A group $G$ is metabelian if it is an extension of an Abelian group by another Abelian group.  Equivalently, $G$ is metabelian if its derived subgroup is Abelian. Note that every abelian group is metabelian.

The IsMetabelian( G ) command attempts to determine whether the group G is metabelian.  It returns true if G is metabelian and returns false otherwise.

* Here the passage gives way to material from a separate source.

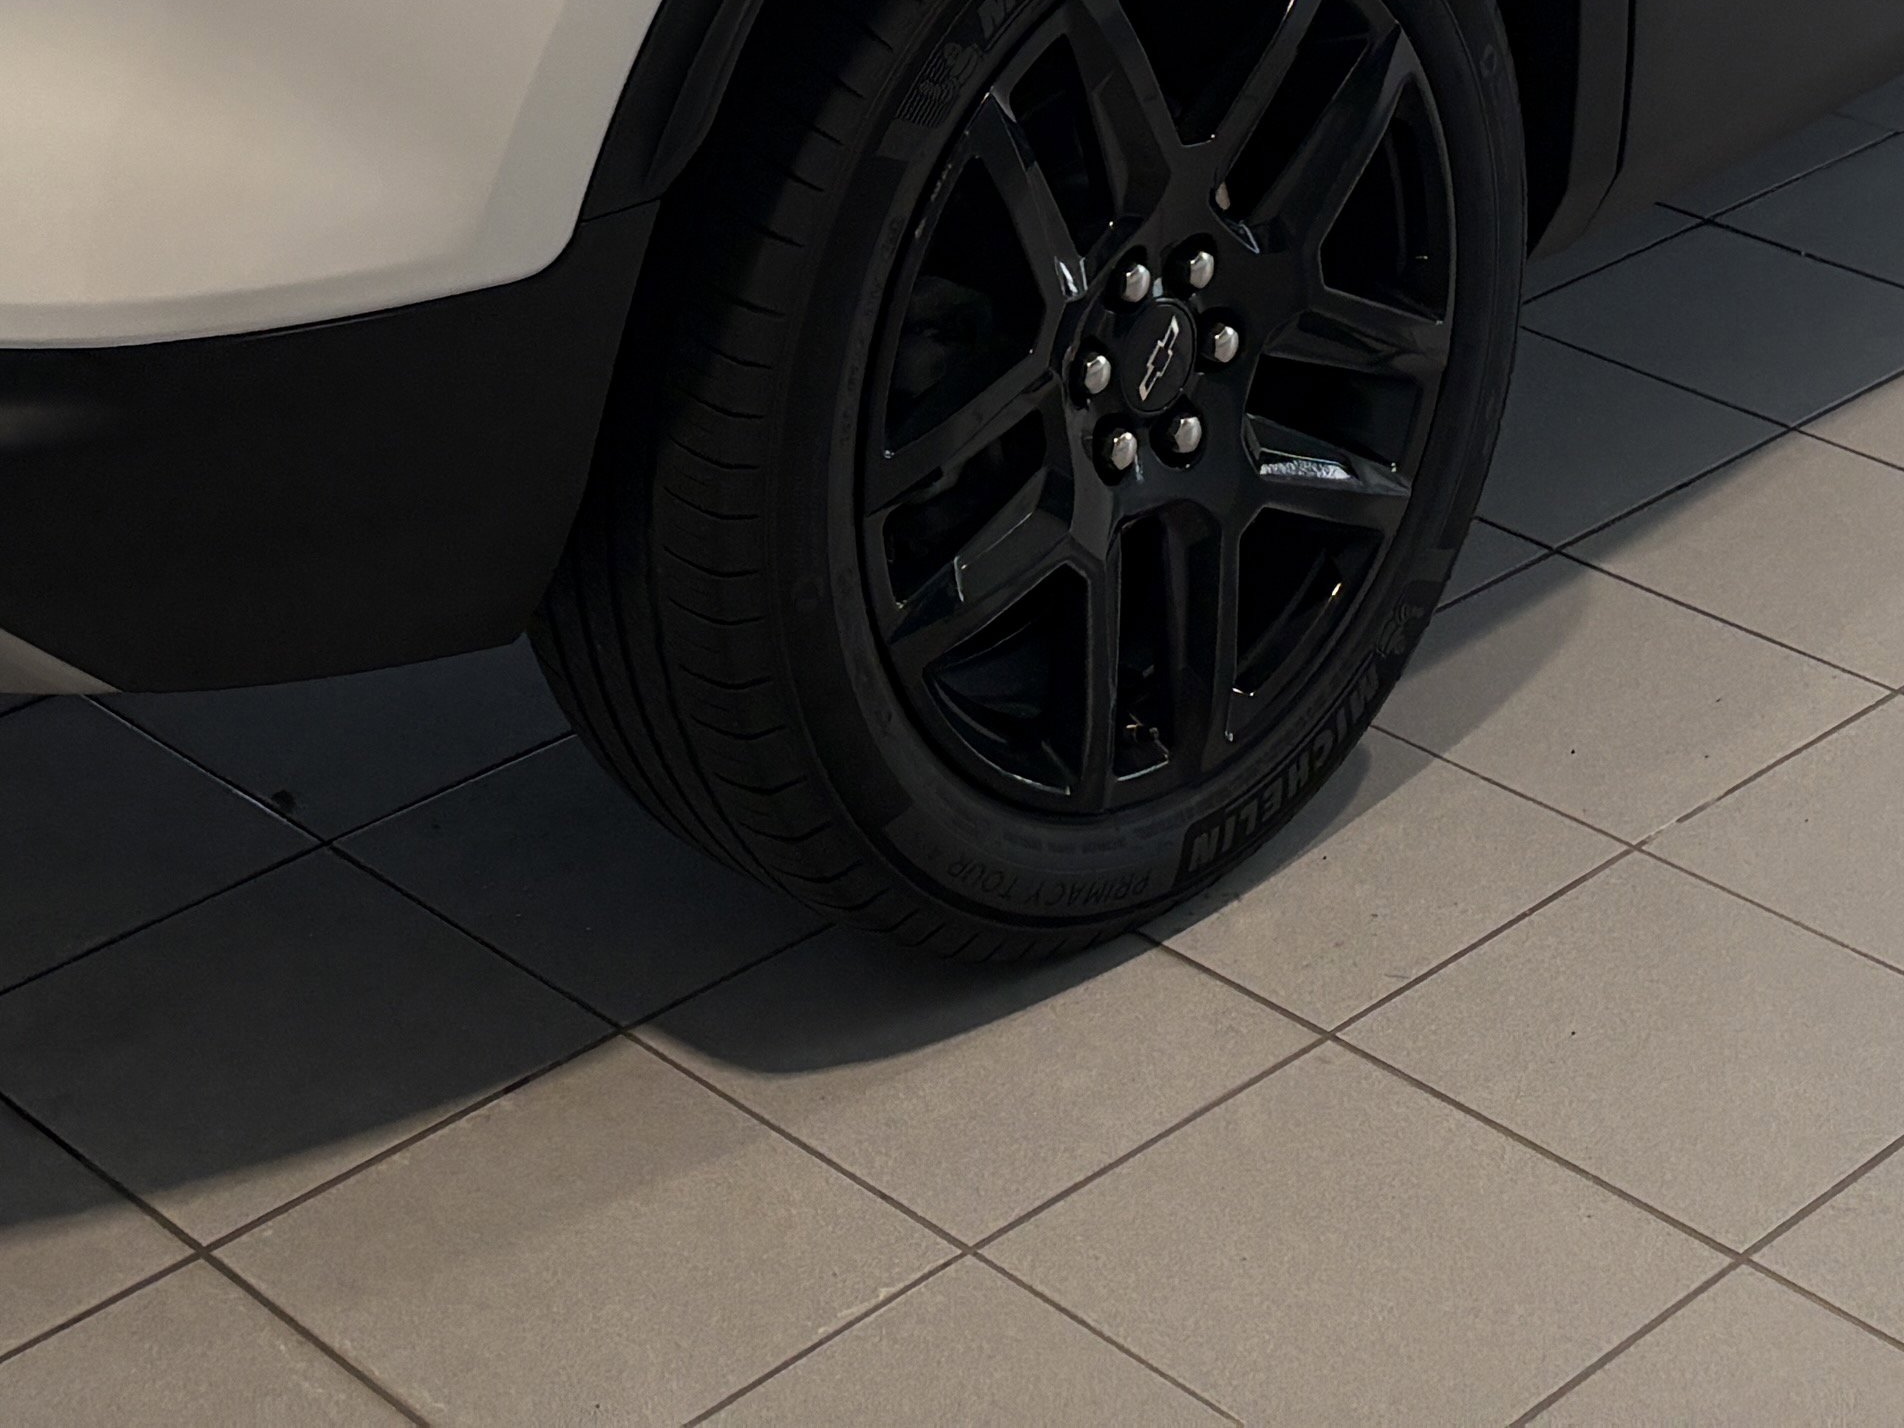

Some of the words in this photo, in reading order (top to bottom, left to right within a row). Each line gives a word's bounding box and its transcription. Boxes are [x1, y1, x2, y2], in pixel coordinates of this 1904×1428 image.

[1193, 664, 1379, 869] MICHELIN
[946, 853, 1018, 901] TOUR
[1024, 867, 1152, 908] PRIMACY
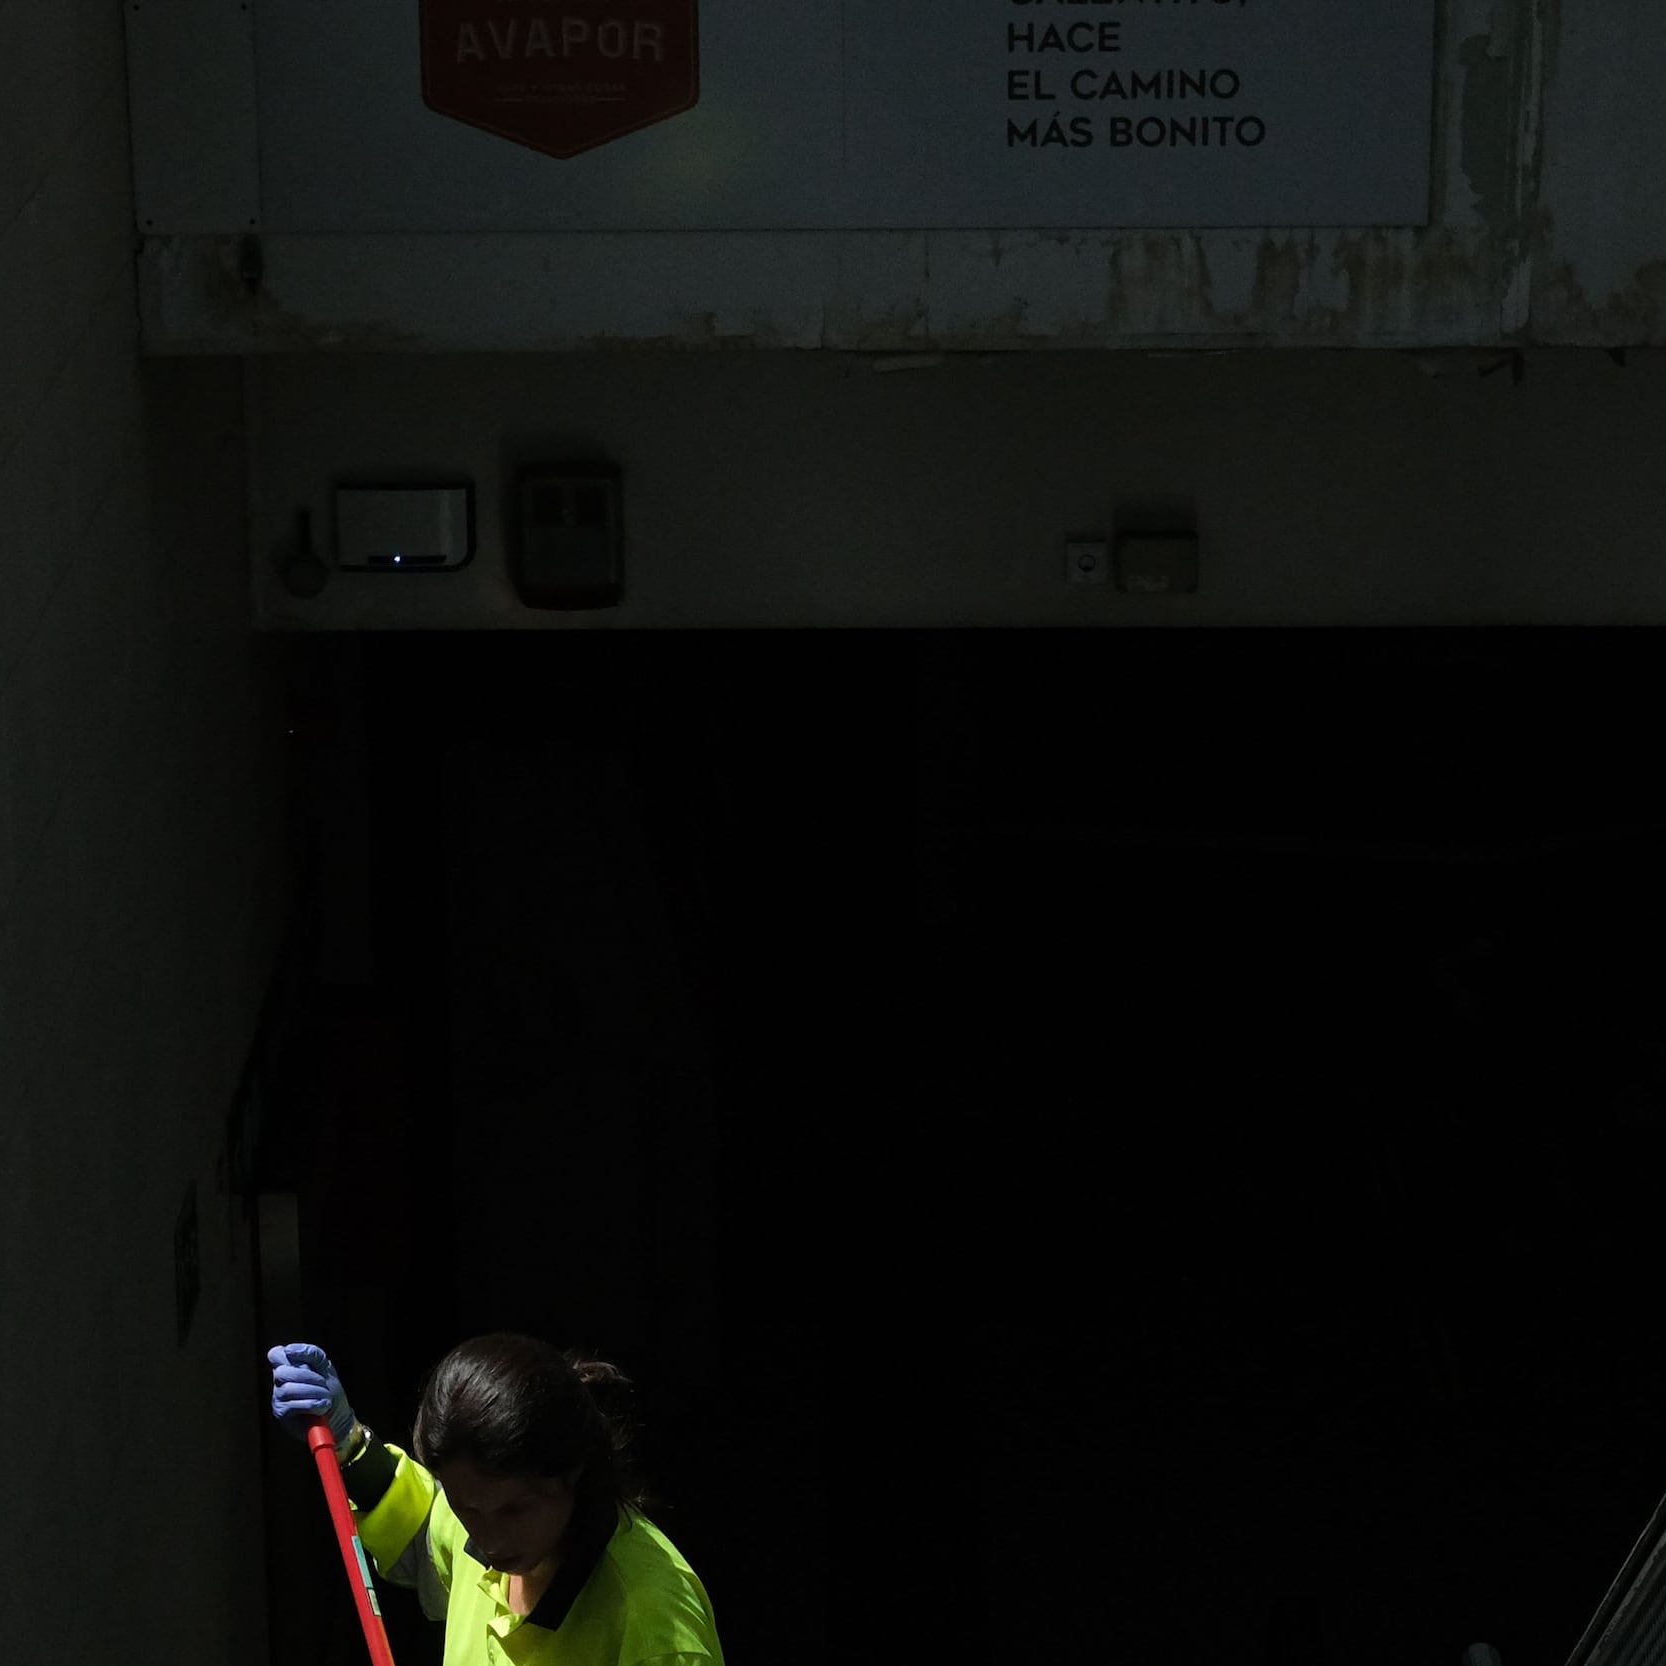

$\mathrm{with}\left(\mathrm{GroupTheory}\right)\:$

$\mathrm{IsMetabelian}\left(\mathrm{Symm}\left(4\right)\right)$

$\mathrm{false}$

$\mathrm{IsMetabelian}\left(\mathrm{Alt}\left(4\right)\right)$

$\mathrm{true}$

$\mathrm{IsMetabelian}\left(\mathrm{FrobeniusGroup}\left(600\,1\right)\right)$

$\mathrm{false}$

$\mathrm{IsMetabelian}\left(\mathrm{FrobeniusGroup}\left(600\,2\right)\right)$

$\mathrm{true}$

$\mathrm{IsMetabelian}\left(\mathrm{ElementaryGroup}\left(5\,5\right)\right)$

$\mathrm{true}$

$\mathrm{IsMetabelian}\left(\mathrm{QuasicyclicGroup}\left(13\right)\right)$

$\mathrm{true}$

The GroupTheory[IsMetabelian] command was introduced in Maple 2019.

For more information on Maple 2019 changes, see Updates in Maple 2019.

The GroupTheory[IsMetabelian] command was updated in Maple 2023.